RECORDS FOR THIS TASK:
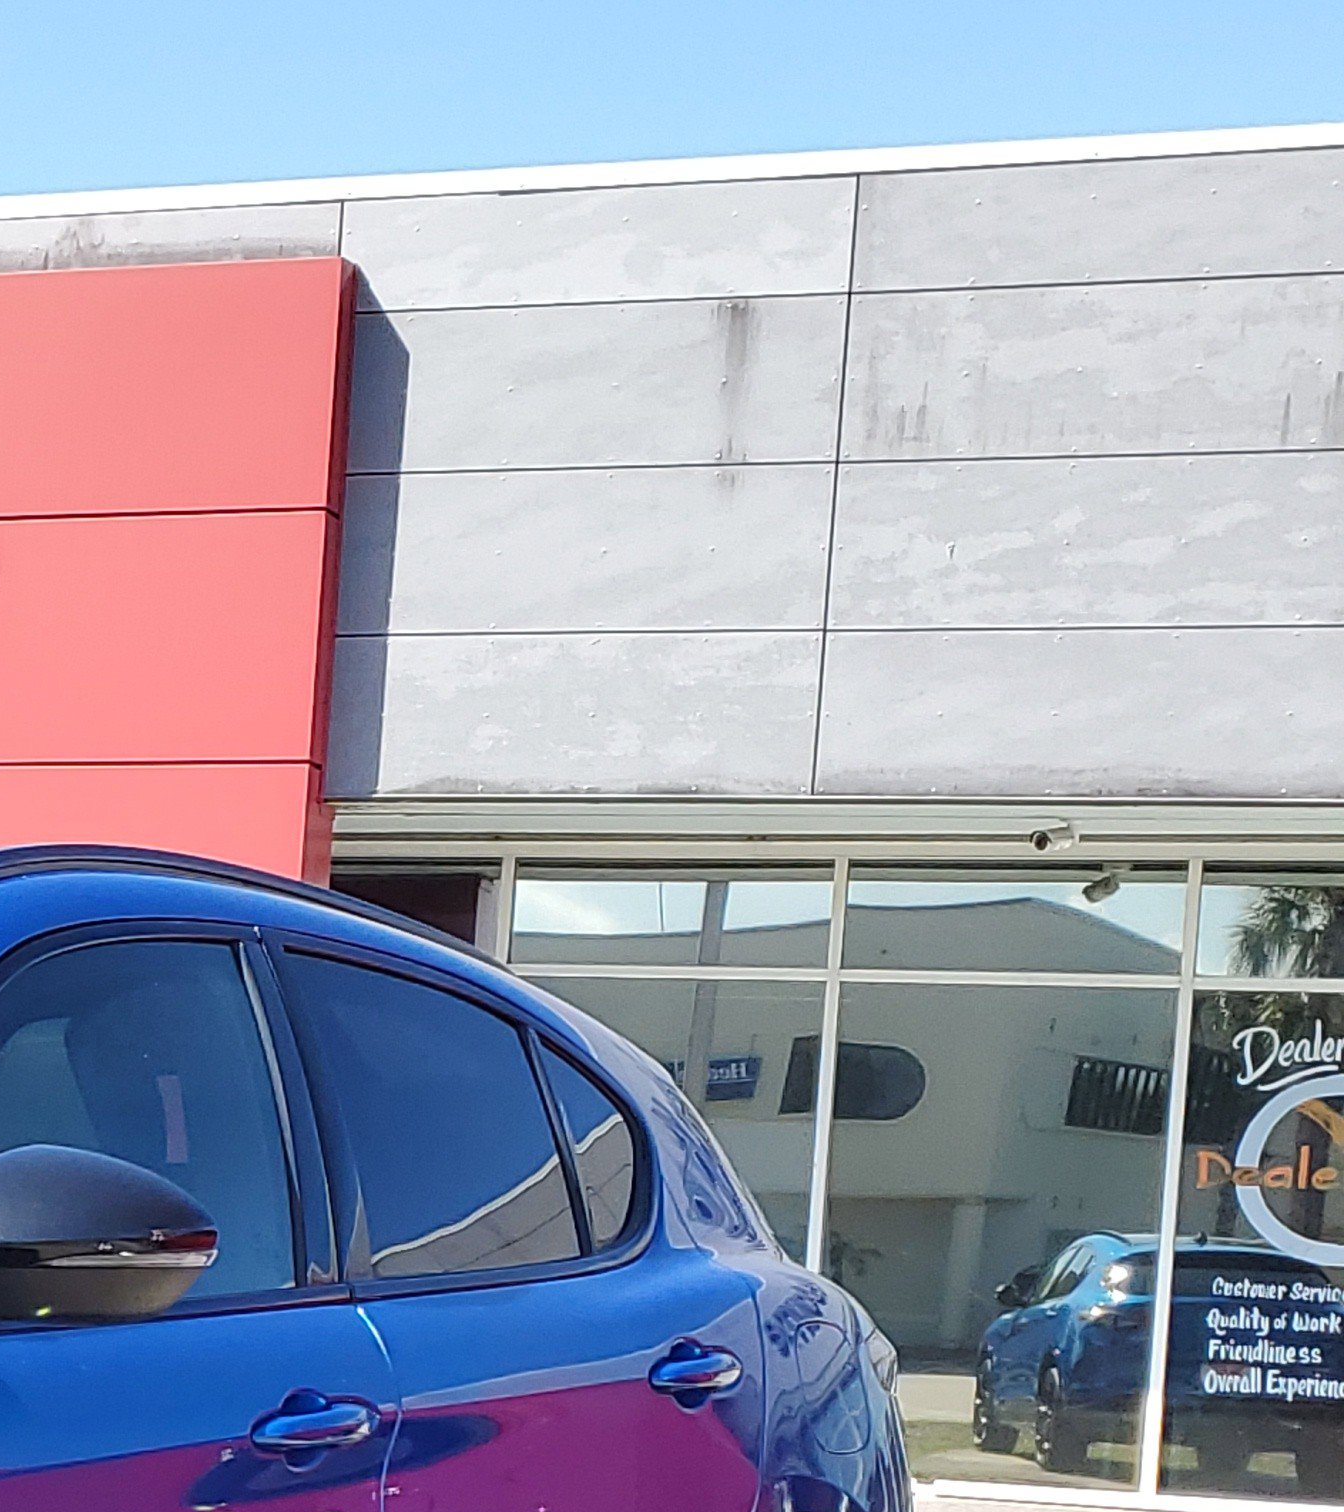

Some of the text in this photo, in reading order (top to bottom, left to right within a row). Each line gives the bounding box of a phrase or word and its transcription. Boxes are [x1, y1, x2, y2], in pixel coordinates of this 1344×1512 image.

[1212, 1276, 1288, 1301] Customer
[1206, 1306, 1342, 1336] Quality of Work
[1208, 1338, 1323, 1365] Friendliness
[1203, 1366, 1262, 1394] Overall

AIM OF THE TASK:
Quote every record above exactly, omitting any pictures they contain.

WRITTEN ANSWER:
Some of the text in this photo, in reading order (top to bottom, left to right within a row). Each line gives the bounding box of a phrase or word and its transcription. Boxes are [x1, y1, x2, y2], in pixel coordinates of this 1344×1512 image.

[1212, 1276, 1288, 1301] Customer
[1206, 1306, 1342, 1336] Quality of Work
[1208, 1338, 1323, 1365] Friendliness
[1203, 1366, 1262, 1394] Overall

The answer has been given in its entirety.